The gift of my three-year MFA experience was humility, for which I’m grateful. But what I seem to have needed at this time, seven years later, was a dose of encouragement. VP brought me courage in so many ways. It wasn’t just being treated like royalty, how instructors carried my bags and staff catered meals to our appetites, how someone brewed a batch of VP18 beer and last year’s class gifted us a bottle of Writers Tears whiskey, shipped from Ireland. It wasn’t only hearing an instructor say, “You’re all very good or you wouldn’t be here.” It was all that and also seeing how much of themselves our instructors put into each lecture, how they wanted to share what they know with us. It was Steven Gould’s surprise that I haven’t yet sold a story to a SFWA-qualifying market, Jim McDonald’s simple query about my workshop piece, “Have you sent this out?”

The message was three-fold: a) We value you. b) You are perfectly capable. c) Erin, get off your ass!

Much as I’ve felt the pressure of c) since earning my MFA, in the absence of a) and b), I’ve struggled. I do hope to reach a point where these affirmations become self-talk, but receiving them at VP shored up my confidence. I am so grateful.

Completion

VP was a well-controlled narrative. I sensed I was in good hands from the moment I received my acceptance, and, like a reader picking up a well-structured story, I was able to relax into the experience. I had plenty of room to choose my own adventure: will you view bioluminescent jellyfish tonight or read your classmates’ pieces thoroughly? Take a morning walk to Methodist Munchkinland or offer a yoga class? But there was also enough group activity, professional and social, that I got a chance to imbibe a concentrated dose of knowledge and get know some of my peers. In five and a half days I received two one-on-one critiques and one group critique of my fairy tale. I participated in multiple peer workshops, absorbed something like fifteen lectures and colloquia, played one game of Things, and completed a rough draft of a new story. Somehow I had all these experiences and retained a little time to myself. I don’t quite know how this could have happened except through excellent design.

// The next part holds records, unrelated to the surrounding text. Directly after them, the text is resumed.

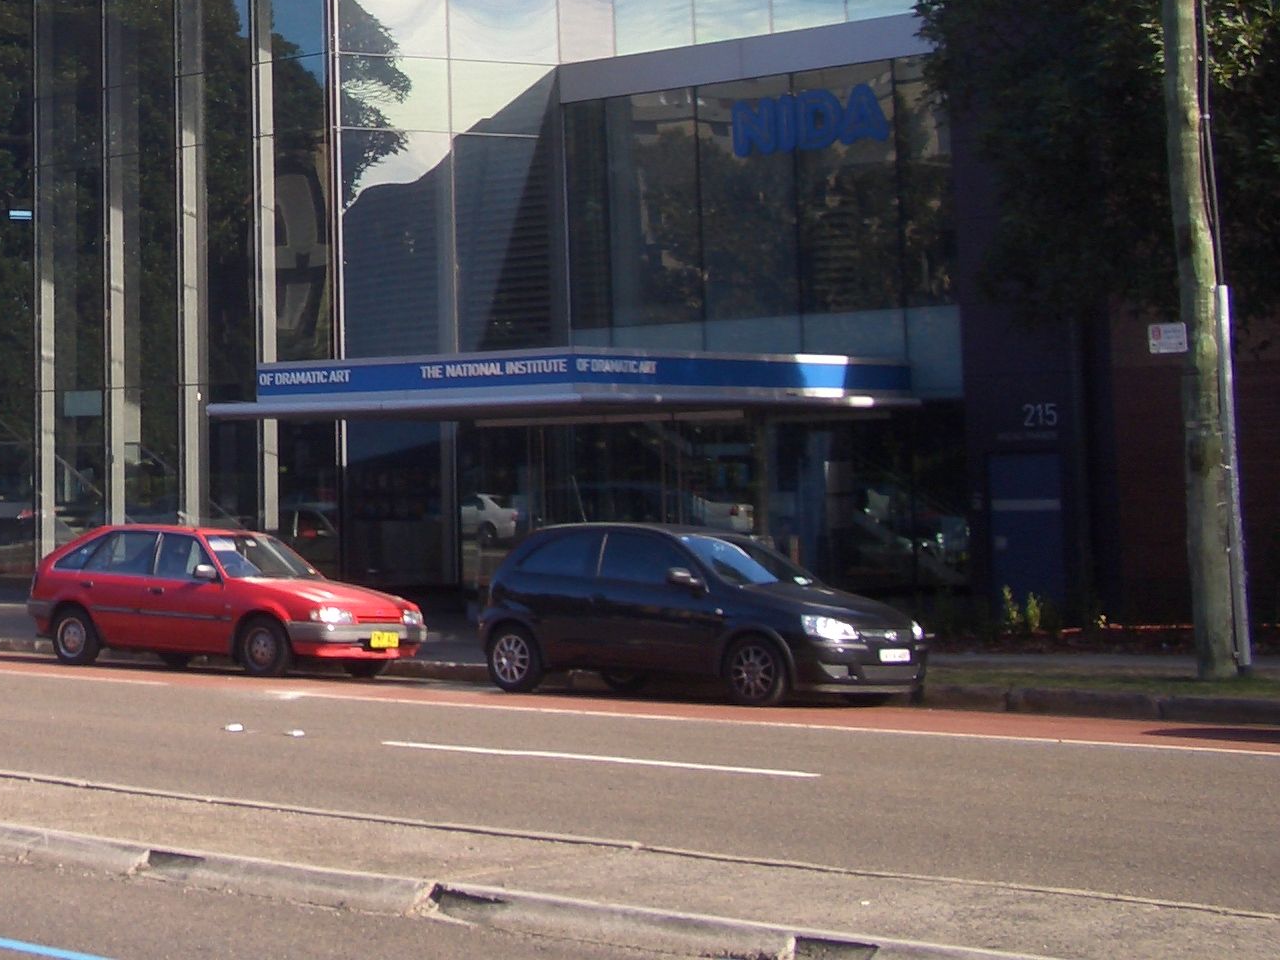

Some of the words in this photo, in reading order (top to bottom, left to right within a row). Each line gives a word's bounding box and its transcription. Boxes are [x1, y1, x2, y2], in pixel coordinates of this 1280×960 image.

[731, 83, 890, 157] NIDA
[259, 373, 274, 386] OF
[275, 370, 328, 386] DRAMATIC
[329, 369, 351, 383] ART
[420, 365, 443, 379] THE
[446, 362, 503, 378] NATIONAL
[505, 359, 568, 375] INSTITUTE
[576, 358, 590, 372] OF
[1022, 403, 1057, 427] 215
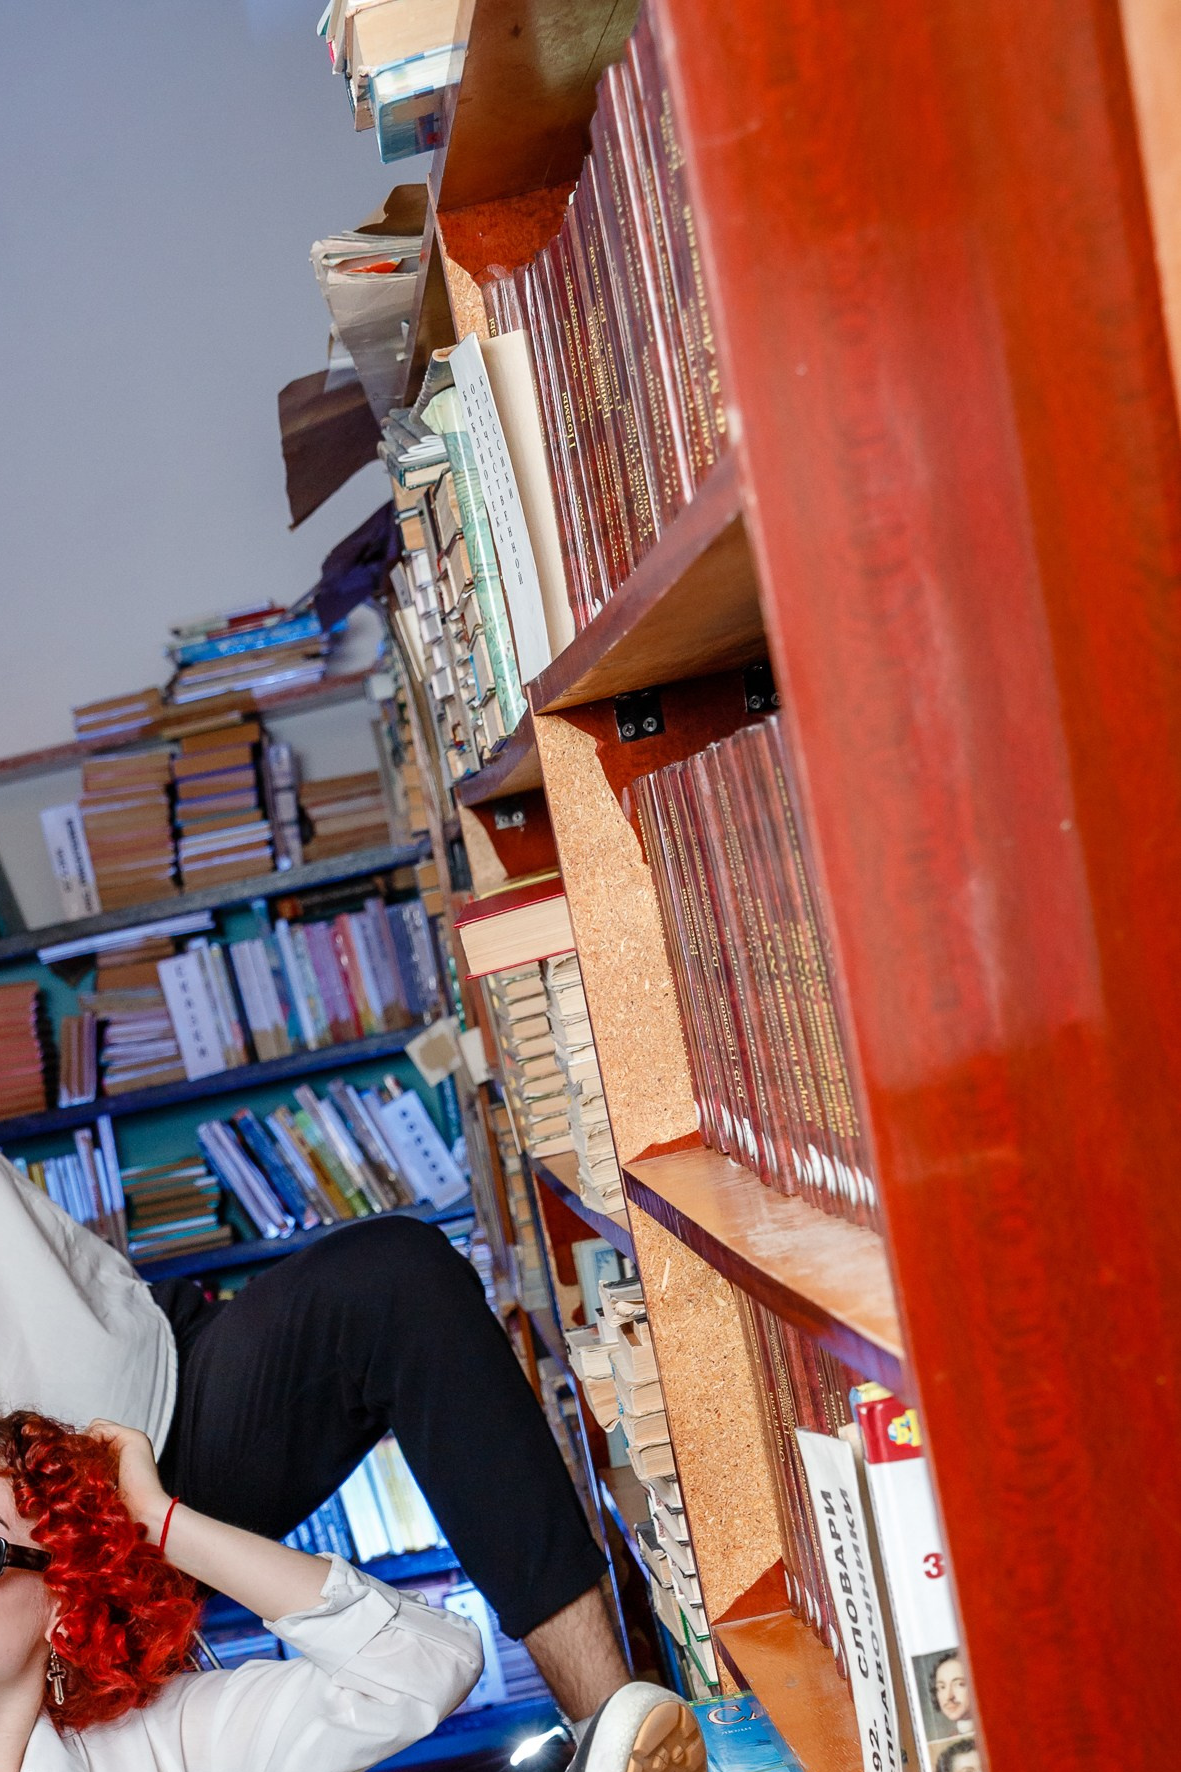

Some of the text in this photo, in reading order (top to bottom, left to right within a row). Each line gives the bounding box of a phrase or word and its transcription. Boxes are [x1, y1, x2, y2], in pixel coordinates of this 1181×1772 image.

[678, 204, 728, 434] Ф. М. Достоевский
[462, 390, 504, 544] БИБЛИОТЕКА
[478, 374, 514, 500] КЛАССИКИ
[556, 390, 579, 448] Поэмы
[717, 996, 744, 1098] В.В. Набоков
[767, 1391, 778, 1417] дети
[774, 1429, 786, 1462] Отцы
[820, 1488, 871, 1682] СЛОВАРИ
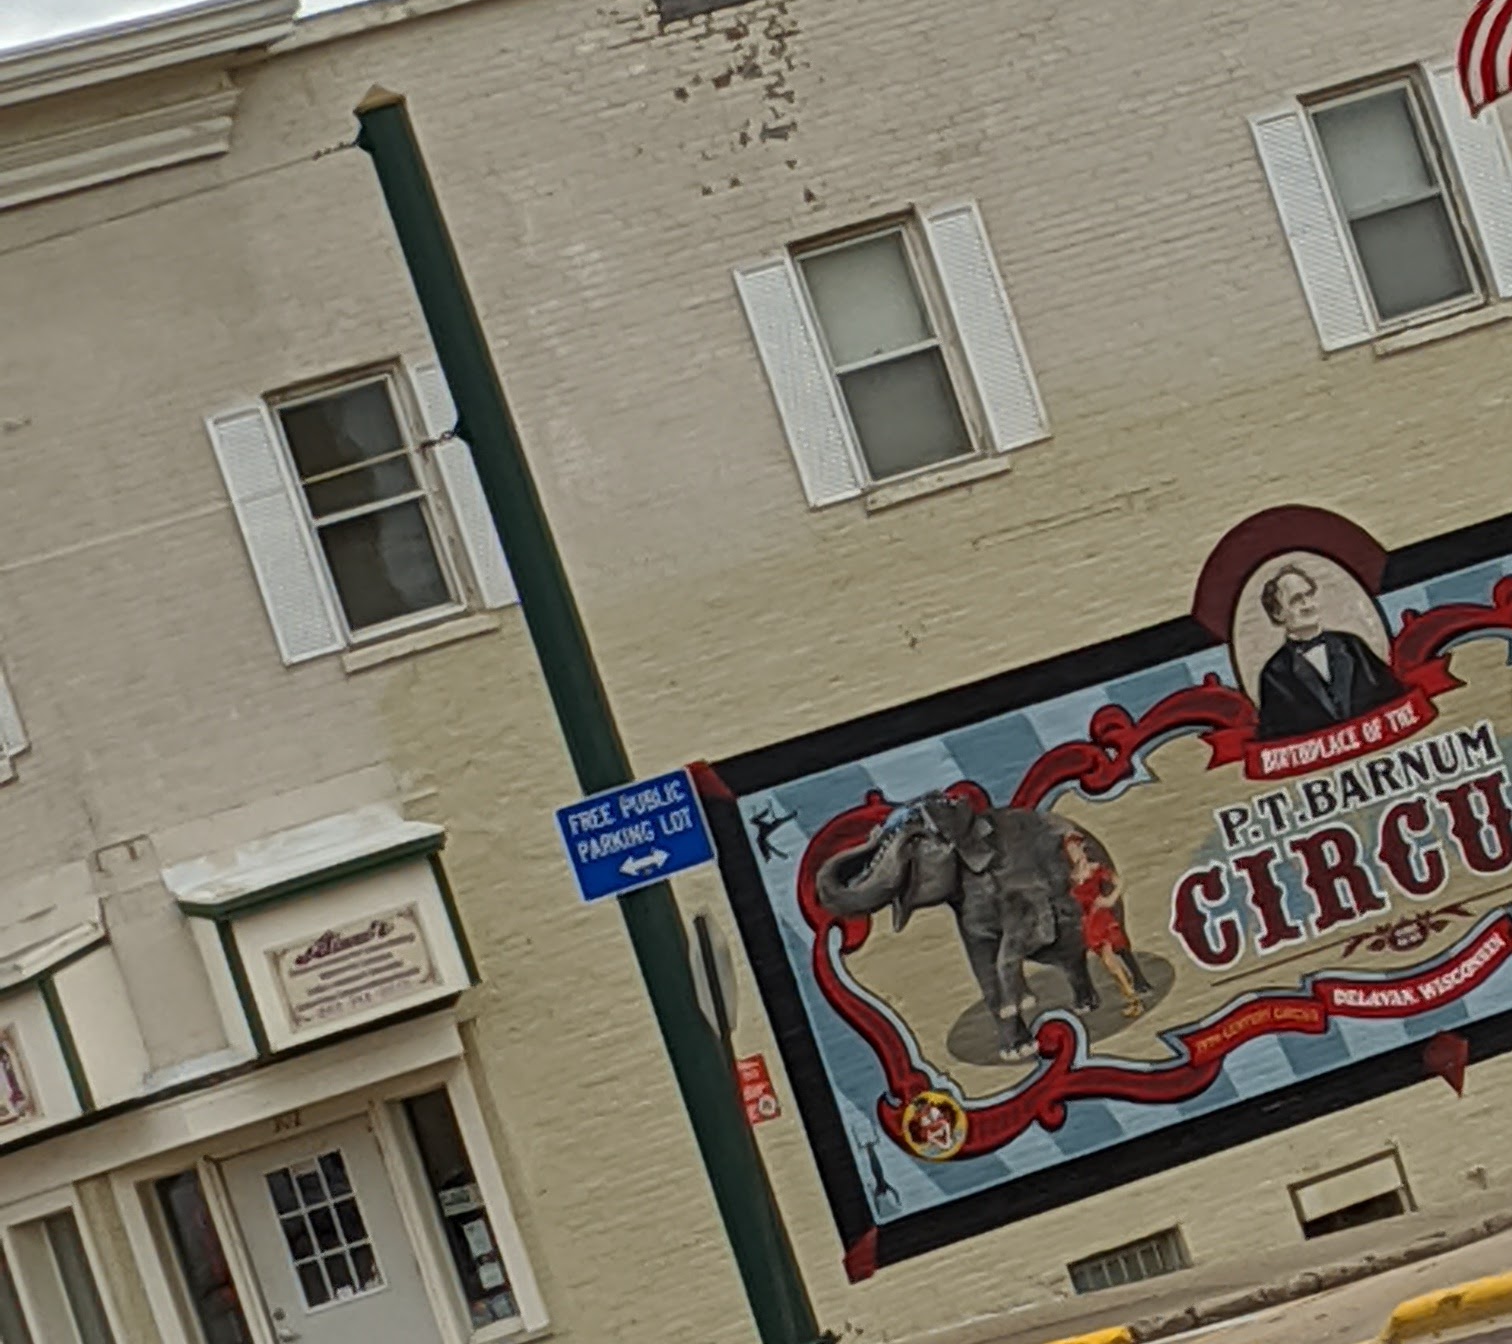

Perhaps the best part of VP’s deep structure was the vow we took at the end of the workshop to send out our new pieces within one month of leaving Martha’s Vineyard. I have long been a snail with my writing, tinkering over stories for months and years. I tell myself a story needs more time in the drawer; it’s not ready yet; I need to make rent or update my website or clean my house or whatever activity feels most procrastinacious at the time. I found the challenge of finishing a piece in one month exhilarating, since it addressed my core problem of delaying completion. I owed it to myself and my fellow VPers to keep that vow. And okay, to be honest, I was several days late getting my story out. But I did finish a solid draft and submit it to a great market within about thirty days of leaving the island. This kind of timeline is unprecedented in my writing career. Meeting this kind of timeline makes me think I might actually be able to sustain a writing career.

I am now a racing snail.


[Image of Racing Snail (from Neverending Story)]






This Thanksgiving, my circle of family, friends, and colleagues has expanded to include a new tribe. Thank you, my fellow VPers. May we all continue to write and send forth our work, “until Hell won’t have it.”